Results/ Conclusion: Declined lung
function after lung transplant correlated well with decreased ventilated lung
volume in the transplanted lung found with HP 3He MRI.
Purpose
Lung transplant is the only
definitive treatment in patients with end-stage lung disease. Chronic allograft
rejection is the major cause of long-term morbidity and mortality in lung
transplant recipients. The traditionally described chronic rejection, bronchiolitis
obliterans syndrome (BOS), manifests as a persistent fall in forced expiratory
volume in one second (FEV1) and associated ventilatory defects. However,
recently a restrictive form of chronic rejection has been described that does
not fit the traditional definition of BOS. The term chronic lung
allograft dysfunction (CLAD) has been introduced to include all forms of graft
dysfunction. Pulmonary function tests (PFT) provide global information about the
native and transplanted lung. FEV1 and forced vital capacity (FVC) are reproducible,
but neither are sensitive nor specific. Computed tomography (CT) provides structural
information but often shows few or even no changes, despite clinical deterioration
of the patient’s condition. With hyperpolarized helium-3 (HP 3He) MR imaging, individual
lung function can be assessed; the regional ventilation can be depicted without onizing radiation and thus scanning can be repeated in the same
subject without significant risk. HP 3He-MRI
has been shown to be a sensitive method to detect ventilatory defects in lung
transplant recipients (1,2). Hence, the purpose of this study
was to determine if the changes in lung ventilation using HP 3He-MRI can
provide in vivo pulmonary physiology
highly relevant in defining CLAD phenotypes among lung transplant patients, phenotypes
which otherwise are undetectable by the usual PFT parameters such as FEV1.Methods
Thirteen lung transplant recipients [55.1
±7.1 yrs (range 43, 68 yrs)] were included in the study under a protocol
approved by our institutional review board. Informed consent was signed by the
patients. Indications for transplant were: 7 patients with COPD, 1 with Langerhans
Cell Histiocytosis, 1 pulmonary hypertension, 1 alpha antitrypsin deficiency, 2
idiopathic pulmonary fibrosis and 1 with cystic fibrosis. Eleven patients had
undergone unilateral lung transplant (7 right, 4 left) and two patients had
undergone bilateral lung transplant. Time from transplant to inclusion in the
study was 2.5 ±2.5 yrs (range 0.25- 9.9 yrs).

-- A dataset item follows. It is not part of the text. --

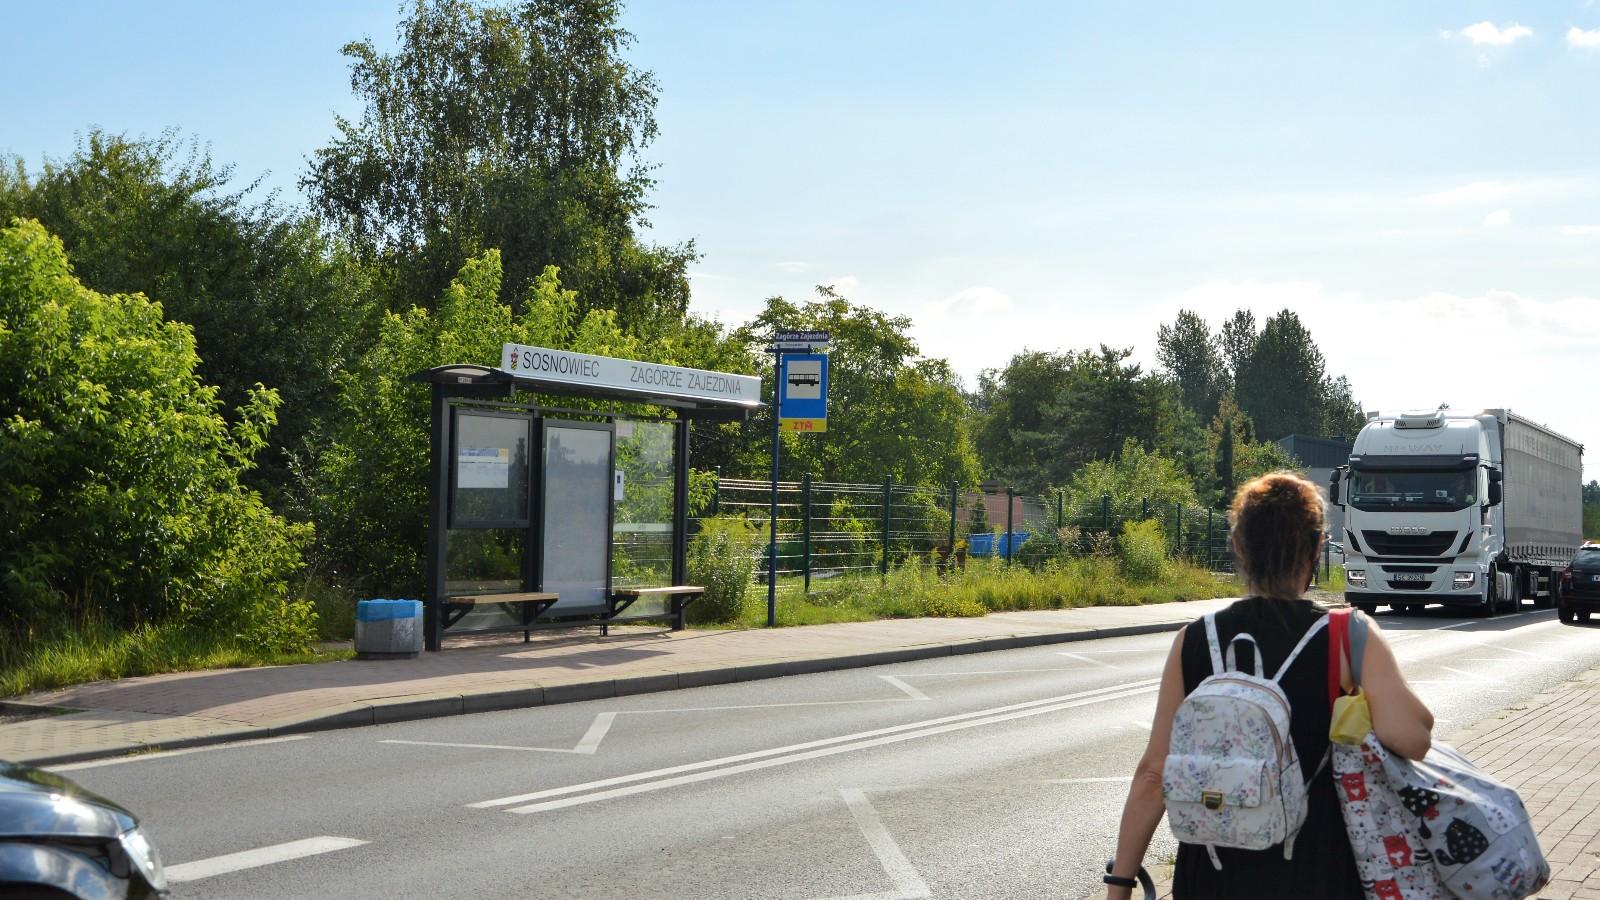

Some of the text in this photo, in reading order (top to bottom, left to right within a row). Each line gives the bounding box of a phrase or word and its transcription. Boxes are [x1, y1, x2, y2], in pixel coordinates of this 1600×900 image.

[522, 351, 742, 395] SOSNOWIEC ZAGÓRZE ZAJEZDNIA

MR imaging was performed using a commercial 1.5-T
whole-body scanner (Vision[ 1] , Siemens Medical Solutions, Malvern, PA) modified to
operate at the 3He resonant frequency of 48 MHz by the addition of a broadband
radiofrequency amplifier and a flexible 3He chest radiofrequency coil (IGC
Medical Advances, Milwaukee, WI). Contiguous axial MR images covering the
entire lung (FLASH; TR/TE, 7/3 ms; flip angle, 10°; matrix, 80x128; FOV, 26 x
42 cm; section thickness, 10 mm; interslice gap, none) were collected during a
15-20 sec breath hold immediately following inhalation of approximately 300 mL
H3He gas mixed with approximately 700 mL of nitrogen. For each scan, the ventilated lung volume (%VD) on 3He-MRI was manually
segmented by two independent blinded readers.
Spirometry was performed in all
patients at the time of the MRI exam and was compared to the baseline
spirometry performed at the time of the transplant (%FEV1 change = %FEV1 at
baseline - %FEV1 at the time of the study). % FEV1 change was annualized by dividing it by
the number of years since the transplant.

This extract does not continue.